Fig. 4. Distinct regulation of cell fate genes and of biosynthetic processes by MYC.

A. Spearman correlation between the expression change of each differential gene (row) and change in promoter chromatin modification of each indicated mark (column). Analysis was done on all differential genes that have at least two marks in their promoter (i.e. with z-score>1 std), resulting in 7801 genes. Hierarchical clustering clustered the genes into two distinct groups: genes with correlation between gene expression and promoter epigenetic modifications (n=3593) and genes with no trend of correlation (n=4208). Top: clustered correlation matrix. Bottom: correlation distribution of each mark in the two gene groups, where red denote correlated group, and green denote the non-correlated group. **Wilcoxon p-value <10^-170 B. Pattern of H3K27ac, H3K27me3 and expression in Epigenetically Switched Genes (ESPGs, top), and in genes with Consistency-Active-Promoters (CAPGs, bottom). Each row corresponds to a single gene, genes are sorted according to their expression pattern and the same sorting was applied to the epigenetic marks. C. Enrichment of GO categories and binding motifs in ESPGs (red), CAPGs (n=3049, green). Color shades indicate FDR corrected Fisher exact test p-value, or motif enrichment p-value. D. Enrichment of OSKM binding targets in promoters of ESPGs compared to CAPGs. Minus log10 of Fisher exact test p-values are indicated. E. Spearman correlation matrix between Mbd3^f/- RNA-seq samples calculated over ESPGs (Top), showing a gradual change along reprogramming and over CAPGs (Bottom), showing two waves of change, on day 1, and on days 5-6. F. Conservation score of ESPGs and CAPGs calculated with Phylogene software⁷⁴.Graph includes the mean and SEM values for each gene set (one tailed Wilcoxon test, p-value of nonvertebrate organisms <10^-30). G. Scheme showing transcription factors that significantly bind ESPGs or CAPGs that are active in each day of reprogramming, based on ChIP-seq databases. Red – ESPGs transcription factors, Green – CAPGs factors. Orange shades – FDR corrected p-values (Fisher exact test).

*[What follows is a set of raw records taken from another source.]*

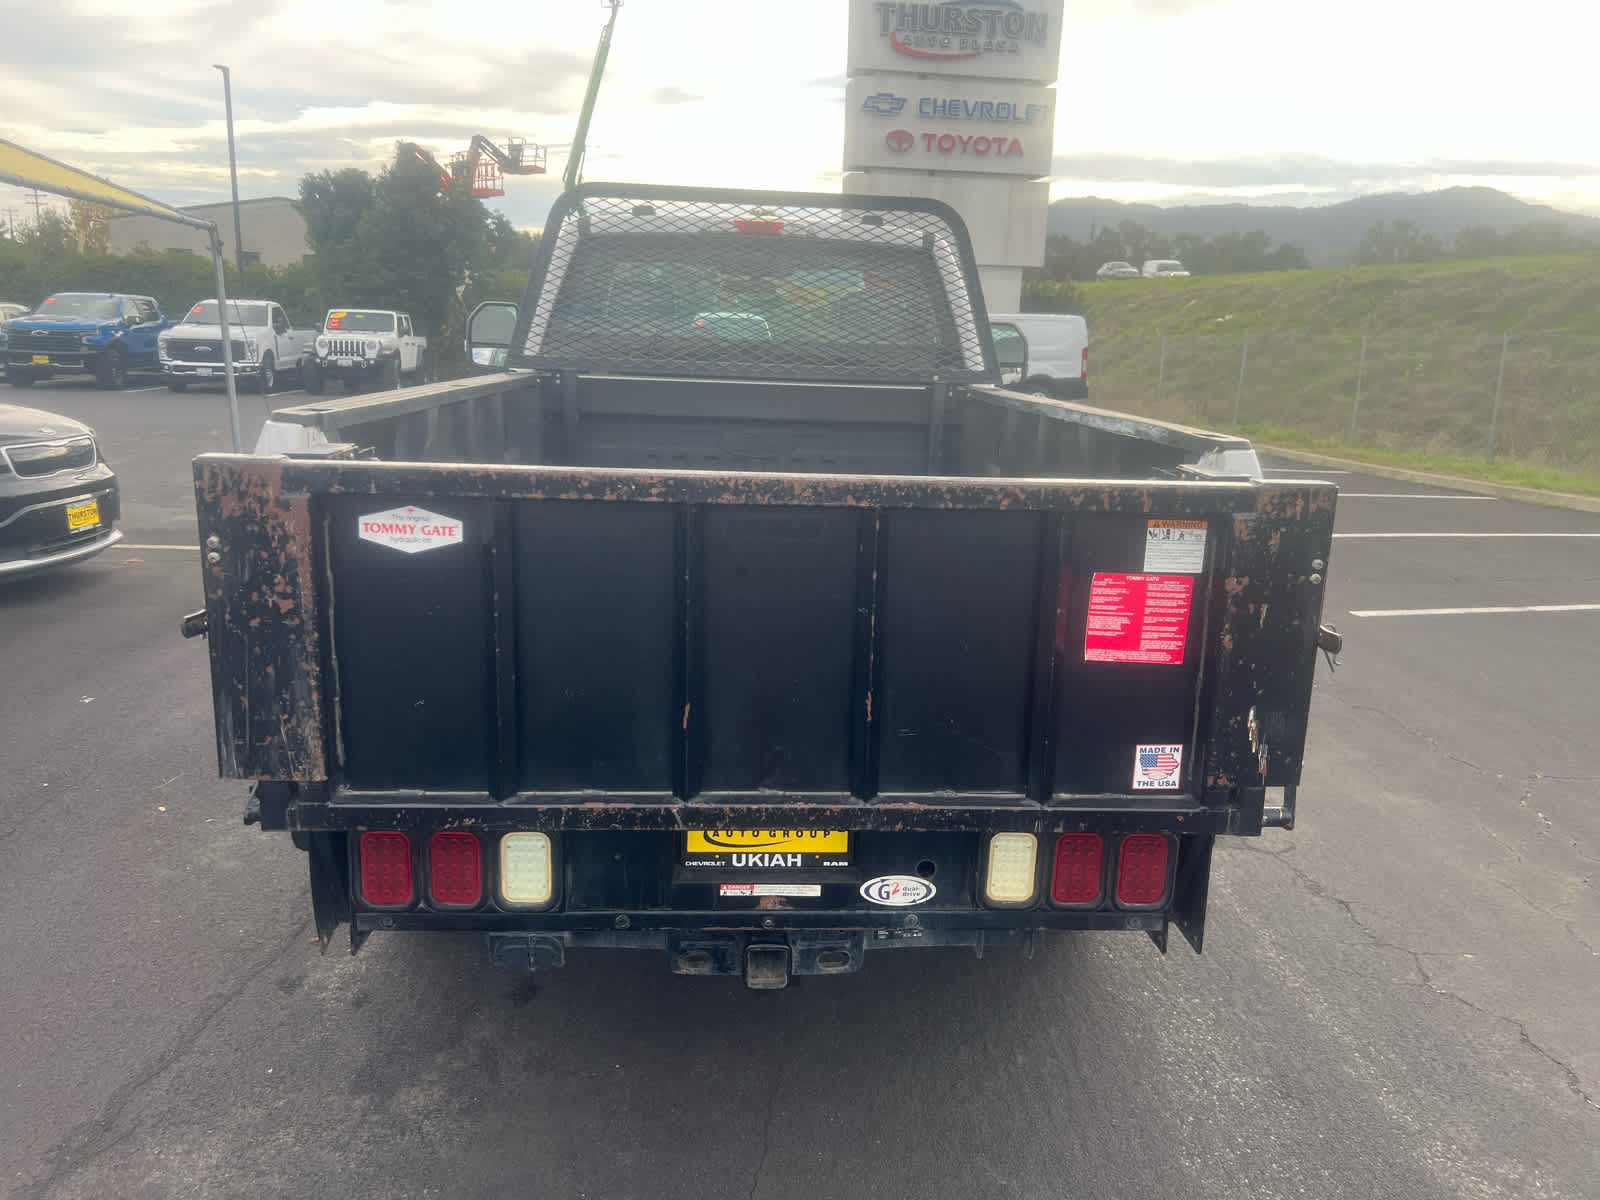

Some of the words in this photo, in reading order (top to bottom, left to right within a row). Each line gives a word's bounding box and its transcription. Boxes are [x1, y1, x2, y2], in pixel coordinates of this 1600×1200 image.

[877, 2, 1049, 42] THURSTON
[918, 97, 1050, 121] CHEVROLET
[921, 132, 1024, 157] TOYOTA
[362, 521, 416, 535] TOMMY
[421, 524, 456, 537] GATE
[1162, 520, 1202, 528] WARNING
[712, 830, 760, 838] AUTO
[769, 830, 831, 839] GROUP
[732, 853, 803, 868] UKIAH
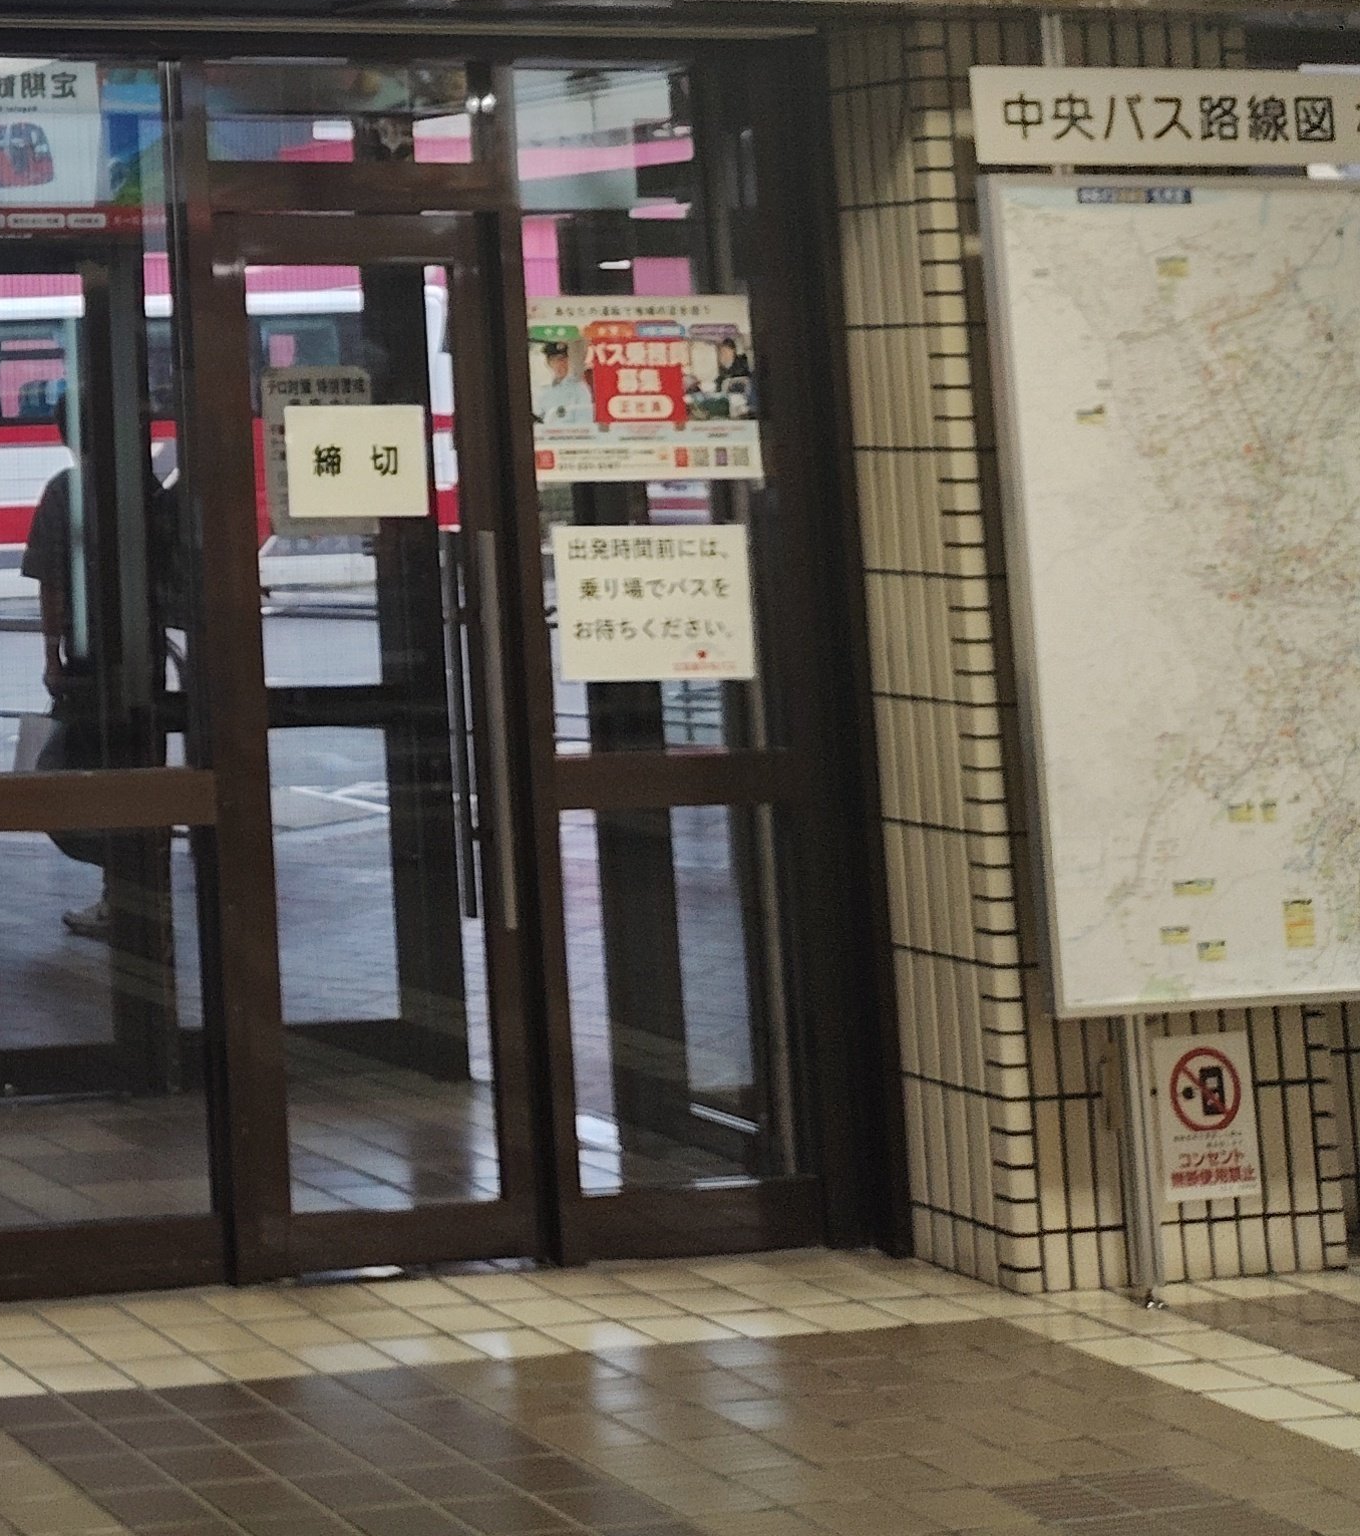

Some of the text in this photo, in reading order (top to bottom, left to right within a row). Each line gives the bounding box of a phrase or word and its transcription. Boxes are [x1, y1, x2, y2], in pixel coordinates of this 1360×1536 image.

[1003, 91, 1334, 142] 中央バス路線図
[567, 537, 730, 560] 出発時間前には、
[580, 577, 729, 600] 乗り場でバスを
[572, 619, 734, 641] お待ちください。

Inspecting the functional enrichment of the two groups, we found a specific association of ESPGs to cell fate determination processes, indicating that epigenetic regulation is highly specific for cell fate genes. CAPGs are enriched for biosynthetic pathways including DNA synthesis, proliferation, DNA repair and chromatin reorganization (Fig. 4C). The two programs show a distinct conservation pattern during the evolution of vertebrate organisms: while in vertebrates CAPGs and ESPGs are conserved in a similar degree (Fig. 4F), in fungi and other non-vertebrates CAPGs are more conserved than ESPGs (p<10^-30), emphasizing their basic role in cellular maintenance. The two groups also show distinct regulation by c-Myc: CAPGs, but not ESPGs, are significantly bound by c-Myc (sample median p<10^-75 for CAPGs, sample median p>0.9 for ESPGs) (Fig. 4D). This is supported also by over representation of c-Myc motif only in CAPGs promoters (Fig. 4C). Additional TF binding motifs show enrichment specific to one group and not the other (Fig. 4C), further supporting a model of separate regulation. Finally, the two groups have different temporal behavior: while ESPGs have a gradual change in activity along reprogramming, CAPGs converge to their final activity pattern as early as day 1 (Fig. 4B,E). Importantly however, these two programs retain a coupled and cross-coordinated regulation. Protein binding enrichment in ESPGs and CAPGs using public protein-DNA databases shows a number of proteins that are associated with one of the groups, but bind the opposite group. Several epigenetic modifying components such as Polycomb and Wdr5, that show a constitutively active promoter configuration, but regulate ESPGs (Fig. 4G).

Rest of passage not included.